Con lo stesso criterio, Ortega ha imbavagliato la stampa: decine di media hanno chiuso i battenti, altri – come il prestigioso quotidiano La Prensa – sono stati totalmente acquisiti e le redazioni sono state “occupate” da uomini fedeli al regime -, mentre centinaia di giornalisti sono fuggiti dal Nicaragua (alcuni di loro non prima, però, di aver saggiato il rigore delle patrie galere). È stata persino espulsa la Croce Rossa nicaraguense con relativa confisca di tutti i suoi beni, per rappresaglia rispetto all’assistenza medica ch’essa garantì a quanti rimasero feriti nella dura repressione governativa del 2018, repressione che provocò oltre 300 morti.

Il Consiglio per i Diritti Umani delle Nazioni Unite sta indagando sul regime di Ortega, accusato di arresti arbitrari, stupri e torture; non è peraltro piaciuto ai leader dell’Unione Europea e della Celac-Comunità degli Stati dell’America Latina, che il Nicaragua – assieme ad altri due Paesi comunisti, Venezuela e Cuba – si sia rifiutato di firmare una pur prudentissima dichiarazione finale congiunta di condanna dell’invasione russa in Ucraina. Nulla di strano: tra Stati “rossi” l’intesa è totale, inossidabile. Basti pensare come, in un comunicato diffuso lo scorso 19 luglio proprio per il 44° anniversario della rivoluzione nicaraguense, l’associazione «Italia Cuba», dopo aver definito «dittatore sanguinario» Somoza al soldo del «potere imperiale» espresso dagli Stati Uniti “cattivi” «per portare avanti la più feroce repressione», abbia esaltato «la storica e solida amicizia», che ora lega «la Cuba di Fidel Castro ed il Nicaragua del presidente Daniel Ortega». Tra “compagni” ci si capisce… Ma, mentre nelle sedi istituzionali si filosofeggia, oltre 600 mila cittadini nicaraguensi su una popolazione complessiva di neanche sette milioni di persone -, tra il 2018 ed il 2022 hanno dovuto lasciare la propria Patria.

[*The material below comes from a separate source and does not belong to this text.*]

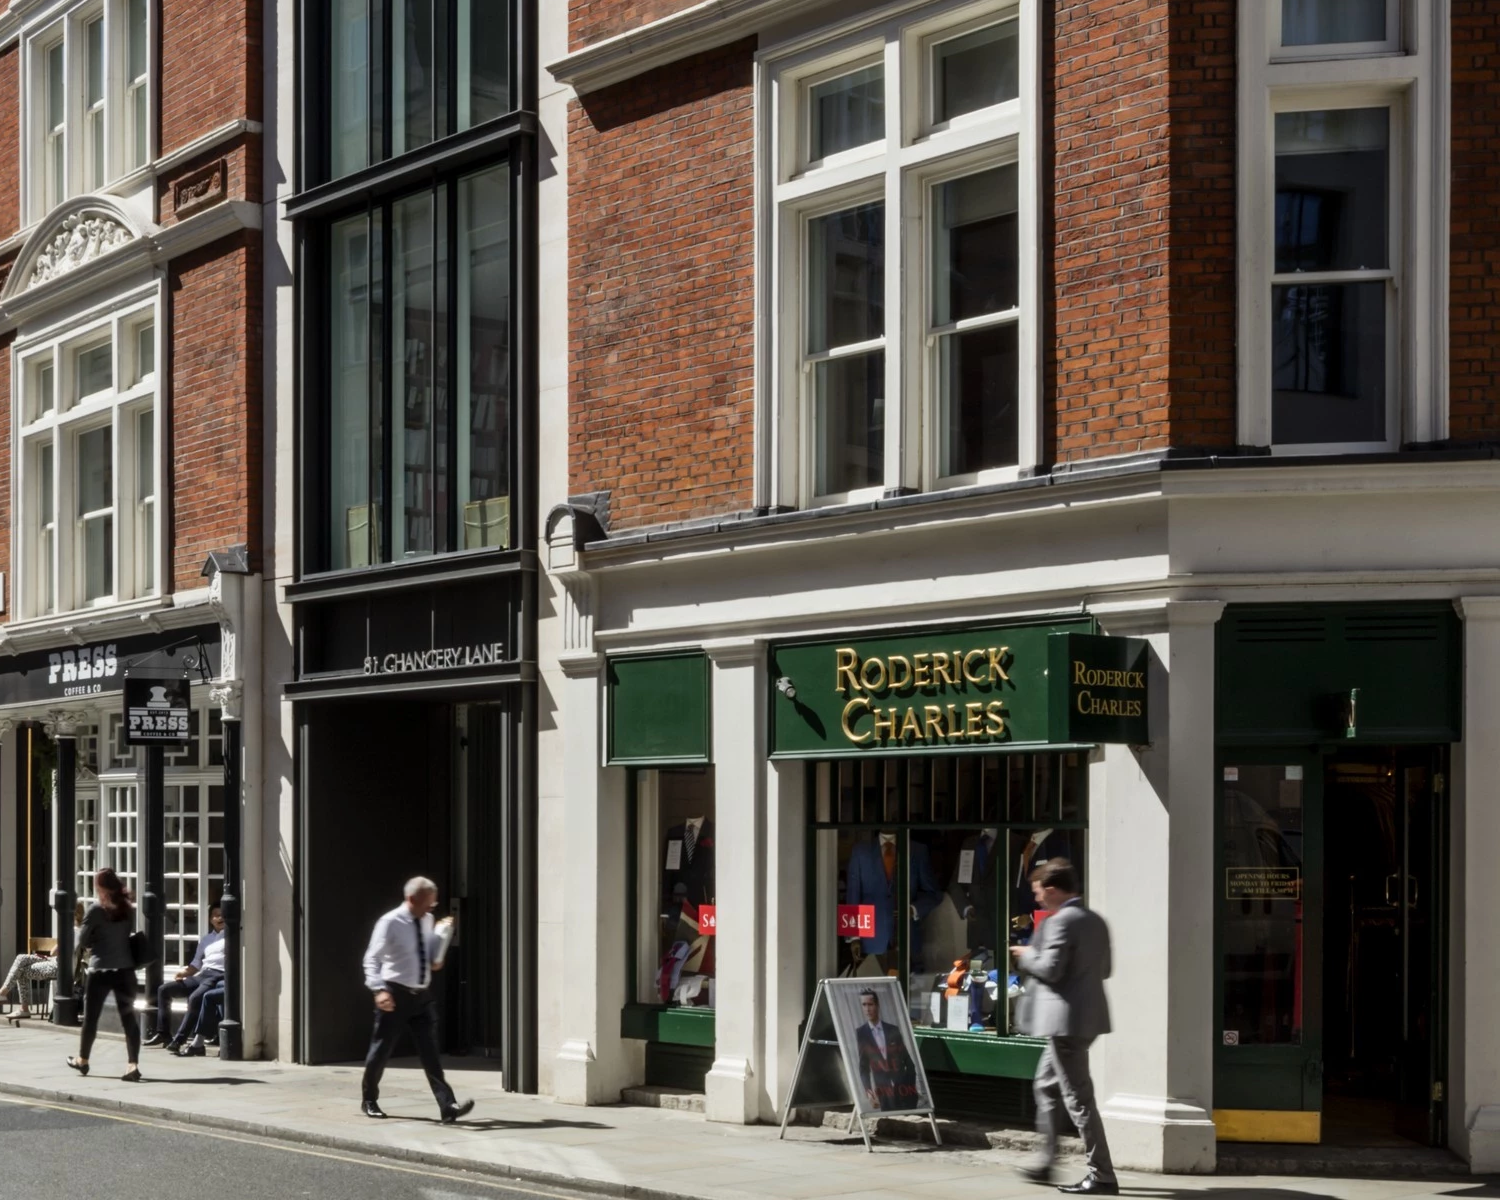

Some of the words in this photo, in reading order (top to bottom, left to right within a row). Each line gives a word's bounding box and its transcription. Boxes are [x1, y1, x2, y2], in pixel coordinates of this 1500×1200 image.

Non è onesto sostenere – come tanti incredibilmente fanno – che il comunismo sia morto, poiché falso è illudersi che un simile movimento ideologico su scala planetaria possa corrispondere esclusivamente alle pietre cadute dal muro di Berlino. Il comunismo c’era prima ed è rimasto dopo. Anzi, è vivo e vegeto in molti, troppi Stati nel mondo, esplicito o camuffato che sia, ed ha il volto di sempre, quello di dittature crudeli, spietate, violentemente repressive e totalitarie.

Il Nicaragua lo dimostra. Qui, con la rivoluzione sandinista sarà cambiata l’orchestra, ma non la musica. E v’è solo da sperare che, come finì un regime, ora finisca anche l’altro e che il Nicaragua possa finalmente essere un Paese civile. A tutti gli effetti.